Alle reden vom Umweltschutz, aber keiner tut was dafür. Ich meine hiermit nicht die Bundesbürger, die brav, wie es befohlen, ihren Müll trennen und das Altpapier in den Container werfen. Nein, ich meine die Leute, die wirklich etwas machen könnten, die, die die Mittel haben, machen nichts.

Mir wird immer wieder vorgehalten, mir gehe meine Umwelt total am A**** vorbei. Ich achte nicht immer auf den grünen Punkt (den ich eh für sinnlos halte), fahre viel Auto, habe einige Rechner, die 24 Stunden am Tag, 7 Tage die Woche, 4 Wochen im Monat und 12 Monate im Jahr über laufen. Ich verbrauche viel Strom, ich stelle meine Heizung nachts nicht ab oder herunter. Ich habe nicht an den Stromabschalt-Tag um 20 Uhr mitgemacht, ich will keinen Strom sparen.
Warum ich das nicht mache, fragen jetzt viele. Ganz einfach, ich lebe nicht in der Steinzeit. Jede Hochtechnologie benötigt Energie und das nicht zu knapp.

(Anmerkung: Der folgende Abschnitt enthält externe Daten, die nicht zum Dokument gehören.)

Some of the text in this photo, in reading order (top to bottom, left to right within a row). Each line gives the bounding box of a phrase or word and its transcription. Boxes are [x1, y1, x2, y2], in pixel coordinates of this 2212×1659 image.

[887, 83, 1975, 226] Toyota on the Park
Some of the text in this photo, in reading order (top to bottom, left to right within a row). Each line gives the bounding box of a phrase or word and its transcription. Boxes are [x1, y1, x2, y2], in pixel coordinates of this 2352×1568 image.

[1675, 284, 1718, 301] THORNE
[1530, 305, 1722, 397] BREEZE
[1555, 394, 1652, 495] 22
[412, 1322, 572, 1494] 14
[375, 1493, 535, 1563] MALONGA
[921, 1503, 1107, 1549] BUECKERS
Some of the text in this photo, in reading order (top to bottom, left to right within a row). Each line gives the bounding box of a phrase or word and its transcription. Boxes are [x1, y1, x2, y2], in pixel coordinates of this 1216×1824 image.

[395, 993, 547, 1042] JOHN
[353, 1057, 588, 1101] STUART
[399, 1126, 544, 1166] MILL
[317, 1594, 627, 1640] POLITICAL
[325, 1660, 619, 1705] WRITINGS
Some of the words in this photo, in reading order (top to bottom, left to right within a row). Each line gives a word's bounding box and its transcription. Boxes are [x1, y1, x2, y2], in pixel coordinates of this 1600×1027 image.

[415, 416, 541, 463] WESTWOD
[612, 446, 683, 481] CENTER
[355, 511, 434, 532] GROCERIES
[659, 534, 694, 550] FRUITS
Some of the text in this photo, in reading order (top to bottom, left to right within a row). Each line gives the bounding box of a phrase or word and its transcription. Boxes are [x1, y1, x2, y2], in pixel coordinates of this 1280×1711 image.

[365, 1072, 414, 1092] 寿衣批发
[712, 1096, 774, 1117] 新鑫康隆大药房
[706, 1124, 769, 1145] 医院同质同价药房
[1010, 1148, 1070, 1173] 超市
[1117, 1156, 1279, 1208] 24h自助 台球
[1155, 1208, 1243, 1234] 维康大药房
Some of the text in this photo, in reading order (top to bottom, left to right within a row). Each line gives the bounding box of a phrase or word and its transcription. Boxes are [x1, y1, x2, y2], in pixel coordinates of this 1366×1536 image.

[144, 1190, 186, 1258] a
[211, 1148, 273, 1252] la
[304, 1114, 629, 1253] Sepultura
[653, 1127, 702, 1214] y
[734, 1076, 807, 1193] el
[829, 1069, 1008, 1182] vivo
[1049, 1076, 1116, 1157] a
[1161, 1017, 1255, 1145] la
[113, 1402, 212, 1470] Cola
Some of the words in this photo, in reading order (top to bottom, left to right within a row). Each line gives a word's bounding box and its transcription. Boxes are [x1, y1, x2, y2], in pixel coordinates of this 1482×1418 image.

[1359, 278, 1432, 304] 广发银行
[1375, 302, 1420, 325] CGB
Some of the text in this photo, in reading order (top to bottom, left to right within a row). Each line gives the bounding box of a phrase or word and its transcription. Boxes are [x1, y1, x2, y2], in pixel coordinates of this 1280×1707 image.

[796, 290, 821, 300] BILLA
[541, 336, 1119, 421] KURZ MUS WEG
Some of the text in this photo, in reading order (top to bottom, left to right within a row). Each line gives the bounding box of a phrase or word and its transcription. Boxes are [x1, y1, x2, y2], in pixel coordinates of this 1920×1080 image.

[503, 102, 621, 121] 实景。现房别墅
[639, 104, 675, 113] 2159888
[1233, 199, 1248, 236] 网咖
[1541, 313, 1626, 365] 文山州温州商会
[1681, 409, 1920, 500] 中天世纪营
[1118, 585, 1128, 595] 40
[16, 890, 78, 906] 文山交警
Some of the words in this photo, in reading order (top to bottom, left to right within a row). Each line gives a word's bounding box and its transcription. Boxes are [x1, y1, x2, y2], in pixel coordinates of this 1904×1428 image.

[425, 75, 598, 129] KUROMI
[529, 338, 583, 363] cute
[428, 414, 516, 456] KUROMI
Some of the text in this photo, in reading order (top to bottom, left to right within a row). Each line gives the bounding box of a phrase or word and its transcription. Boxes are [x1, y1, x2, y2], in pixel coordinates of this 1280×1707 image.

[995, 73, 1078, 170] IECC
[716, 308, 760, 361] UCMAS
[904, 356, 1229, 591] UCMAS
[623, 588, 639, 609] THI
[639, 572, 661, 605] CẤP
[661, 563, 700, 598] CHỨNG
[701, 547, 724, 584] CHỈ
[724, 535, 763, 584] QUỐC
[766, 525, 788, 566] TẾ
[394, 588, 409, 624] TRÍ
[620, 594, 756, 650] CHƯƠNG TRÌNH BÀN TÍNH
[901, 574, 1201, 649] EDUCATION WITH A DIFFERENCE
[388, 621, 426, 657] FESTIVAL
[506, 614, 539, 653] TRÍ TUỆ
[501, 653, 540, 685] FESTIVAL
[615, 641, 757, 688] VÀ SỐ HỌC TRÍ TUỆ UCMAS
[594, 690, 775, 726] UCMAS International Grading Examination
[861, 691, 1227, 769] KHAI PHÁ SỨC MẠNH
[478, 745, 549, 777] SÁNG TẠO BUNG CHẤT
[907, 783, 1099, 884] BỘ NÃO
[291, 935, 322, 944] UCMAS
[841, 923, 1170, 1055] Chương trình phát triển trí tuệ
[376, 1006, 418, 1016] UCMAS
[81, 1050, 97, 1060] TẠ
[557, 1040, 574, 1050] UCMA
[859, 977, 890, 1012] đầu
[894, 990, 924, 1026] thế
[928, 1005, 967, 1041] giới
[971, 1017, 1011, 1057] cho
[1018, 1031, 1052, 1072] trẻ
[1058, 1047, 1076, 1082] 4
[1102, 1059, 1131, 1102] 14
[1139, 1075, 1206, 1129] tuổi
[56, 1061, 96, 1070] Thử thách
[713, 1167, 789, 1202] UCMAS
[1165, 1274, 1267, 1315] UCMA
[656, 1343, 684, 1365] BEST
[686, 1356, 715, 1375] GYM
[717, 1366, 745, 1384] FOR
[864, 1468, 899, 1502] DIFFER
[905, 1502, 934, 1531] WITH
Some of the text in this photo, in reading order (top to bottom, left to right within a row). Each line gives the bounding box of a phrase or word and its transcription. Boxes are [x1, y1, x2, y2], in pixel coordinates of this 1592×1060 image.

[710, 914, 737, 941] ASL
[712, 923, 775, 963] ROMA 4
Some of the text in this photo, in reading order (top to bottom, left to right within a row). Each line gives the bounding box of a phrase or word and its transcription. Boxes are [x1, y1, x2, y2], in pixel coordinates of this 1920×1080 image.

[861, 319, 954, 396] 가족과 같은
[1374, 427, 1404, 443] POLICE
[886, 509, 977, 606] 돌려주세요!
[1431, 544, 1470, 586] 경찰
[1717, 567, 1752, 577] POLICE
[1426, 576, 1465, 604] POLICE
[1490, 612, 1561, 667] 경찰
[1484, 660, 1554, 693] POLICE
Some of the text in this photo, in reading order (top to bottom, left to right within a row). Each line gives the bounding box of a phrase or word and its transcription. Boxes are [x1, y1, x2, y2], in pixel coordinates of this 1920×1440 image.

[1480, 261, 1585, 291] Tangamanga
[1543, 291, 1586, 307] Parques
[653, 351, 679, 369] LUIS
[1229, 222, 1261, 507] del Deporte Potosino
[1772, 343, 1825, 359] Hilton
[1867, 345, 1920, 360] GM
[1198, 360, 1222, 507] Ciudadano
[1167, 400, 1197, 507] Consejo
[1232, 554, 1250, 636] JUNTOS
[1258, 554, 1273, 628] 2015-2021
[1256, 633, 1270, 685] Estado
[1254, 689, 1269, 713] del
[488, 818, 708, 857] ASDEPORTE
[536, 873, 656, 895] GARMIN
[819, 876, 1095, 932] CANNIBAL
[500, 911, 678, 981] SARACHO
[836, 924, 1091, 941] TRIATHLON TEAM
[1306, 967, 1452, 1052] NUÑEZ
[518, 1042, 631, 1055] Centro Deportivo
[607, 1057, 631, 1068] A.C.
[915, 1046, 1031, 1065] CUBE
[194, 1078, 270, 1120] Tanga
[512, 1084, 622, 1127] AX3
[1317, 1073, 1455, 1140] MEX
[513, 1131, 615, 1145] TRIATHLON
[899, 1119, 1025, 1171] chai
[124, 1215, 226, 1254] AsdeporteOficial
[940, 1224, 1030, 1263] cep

Wenn ein Auto nicht fährt, weil das Benzin leer ist, hilft es nicht die Reifen zu wechseln. Damit will ich sagen, wir brauchen den Strom und die Energie und es wird nicht weniger. Das Problem ist nicht der Stromverbrauch! Das Problem ist die Herstellung. Ich bin nicht für Atomkraft, wie es jetzt läuft, ich bin auch nicht für Kohlekraftwerke.
Und um eines einmal klar zustellen: Solange der Regenwald abgeholzt wird, die Stadtreinigung (oder wer auch immer) mit Laubsaugern und Rasentrimmern, die mit Benzin laufen, arbeiten, solange bin ich nicht bereit etwas zu verändern. Früher konnten die Leute auch mit einem Besen die Blätter von der Straße fegen, heute nicht mehr. Oder diese super Kaffeemaschinen (bitte um Verzeihung, ich bin Teetrinker), die für jede Tasse eine kleine Dose, aus was auch immer, eingesetzt bekommen. Das ist umweltfreundlich? Ich glaube nicht.
Und, wer spart nun Strom? Die Reichen und die großen Konzerne mit Sicherheit nicht. Denen ist das doch egal. Nur die normalen Bürger werden aufgefordert. Neulich berichtete mir meine Mutter von einem Artikel in einer Fernsehzeitschrift, in der eine Leserin schrieb, dass alle immer vom Sparen sprechen, aber je mehr man spart, um so weniger hat man, da die Preise immer weiter steigen. Klar, wenn weniger Menschen etwas nutzen, muss man natürlich sehen, wie man an das Geld kommt.
Was passiert, wenn jemand ein Auto ohne Benzin erfindet? Würde diese Erfindung an die Öffentlichkeit kommen? Vermutlich nicht. Ach, wieder so ein Verschwörungstheoretiker sagen jetzt einige. Nein, bin ich nicht, ich bin Realist. Wissen sie eigentlich was es bedeuten würde, wenn wir kein Benzin mehr bräuchten? Nein, wissen sie nicht. Ganze Industriezweige würden auf einmal nutzlos werden. Die Öl fördernden Länder wären auf einmal nicht mehr benötigt. Es gibt also genug Menschen, die eine solche Wandlung nicht zulassen würden. Ob nun direkt oder durch Verzögerungstaktik, sie behindern es.
Es gab eine Zeit, da haben alle auf die Standby-Geräte geschimpft. Schon mal einen Video- / DVD-Recorder programmiert und vom Strom getrennt? Ist sehr interessant, die Sendung wird nicht aufgezeichnet. Merkwürdig, oder?
Standby, war da nicht etwas? Ach ja, die „Bammeldinger“, wie sie Douglas Adams in dem Buch „Lachs im Zweifel“ erklärt. Es sind ja meistens nicht die Geräte ansich, die den Strom verbrauchen, sondern eben diese „Bammeldinger“. Auch wenn das Gerät ausgeschaltet ist, das Netzteil läuft munter weiter am Stromnetz. Dies kann man natürlich umgehen, wenn man eine ausschaltbare Steckdosenleiste kauft. „Zack“, alle aus. Oder aber, wie Adams so schön formulierte, es wäre doch schön, nur ein Netzteil oder Steckerleiste zu haben, an dem man die Gleichstromgeräte direkt anschließen kann.